DelistingJun 18, 2026, 10:06 AM
Dyadic International faces Nasdaq delisting over bid price, equity rules
AI Summary
Dyadic International received a notification from Nasdaq initiating a delisting process due to non-compliance with the minimum bid price rule ($1.00 per share) and continued listing standards. The company failed to regain compliance by June 17, 2026, and did not meet the conditions for an extension, including having at least $5 million in shareholders' equity. Dyadic plans to request a hearing before a Nasdaq panel, which will temporarily stay any delisting action, and may seek an extension to cure the deficiencies.
Key Highlights
- Dyadic International received a Nasdaq delisting notification on June 18, 2026.

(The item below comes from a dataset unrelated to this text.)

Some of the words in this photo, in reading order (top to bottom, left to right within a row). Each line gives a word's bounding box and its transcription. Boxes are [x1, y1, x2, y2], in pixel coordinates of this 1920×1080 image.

- The company failed to comply with Nasdaq Listing Rule 5450(a)(1), requiring a $1.00 minimum bid price.
- Dyadic did not regain compliance by the June 17, 2026 deadline.
- The company also failed to meet the $5 million shareholders' equity requirement for a Bid Price Rule extension.

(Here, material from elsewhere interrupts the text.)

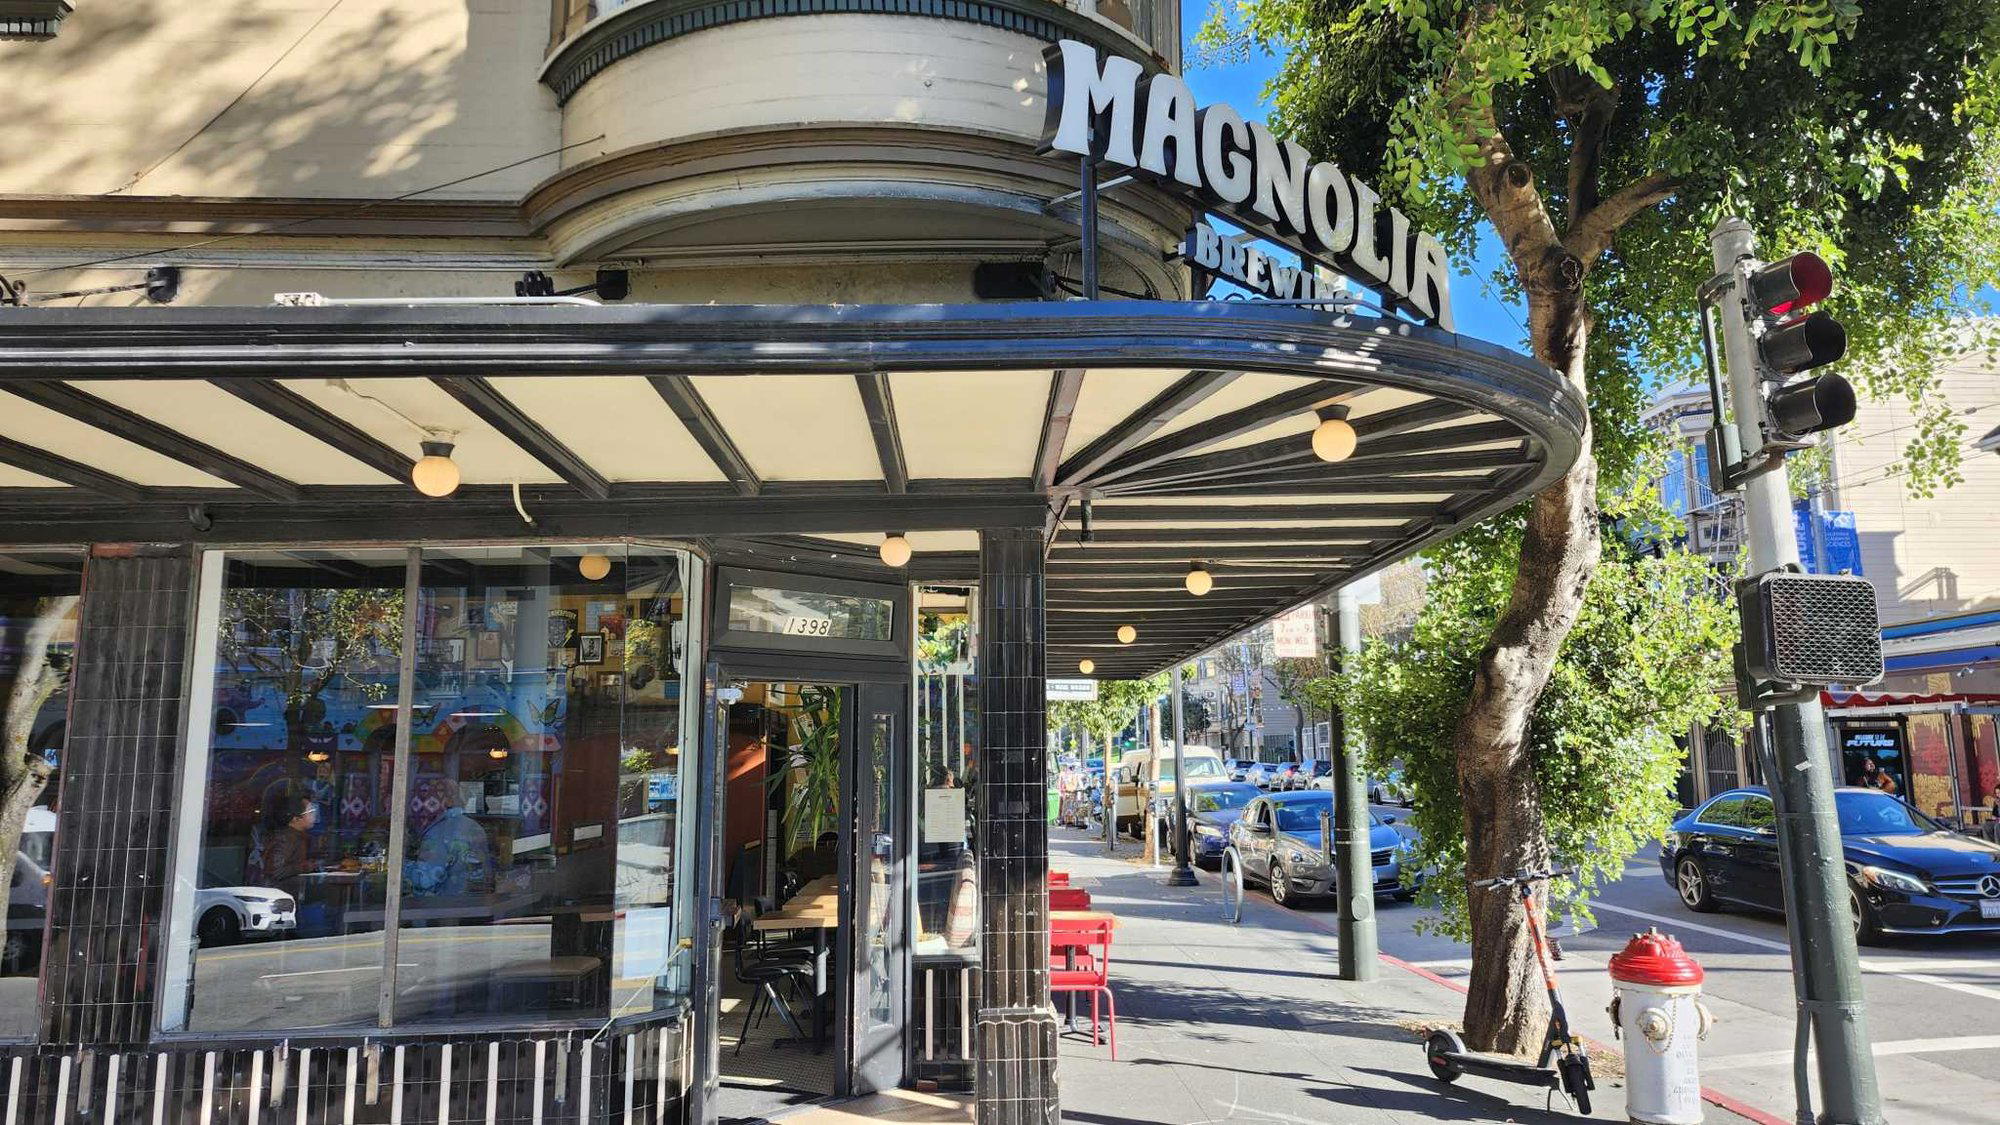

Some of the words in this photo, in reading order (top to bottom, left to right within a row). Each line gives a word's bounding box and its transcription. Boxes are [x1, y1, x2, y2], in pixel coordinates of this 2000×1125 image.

- Nasdaq cited non-compliance with Listing Rule 5550(b) (Continued Listing Standards) as an additional basis for delisting.
- Continued Listing Standards require $2.5 million in shareholders' equity, $35 million in market value, or $500,000 net income.
- Dyadic plans to request a hearing before a Nasdaq panel, which automatically stays any delisting action.
- The company may seek an extension from the panel to regain compliance by December 15, 2026.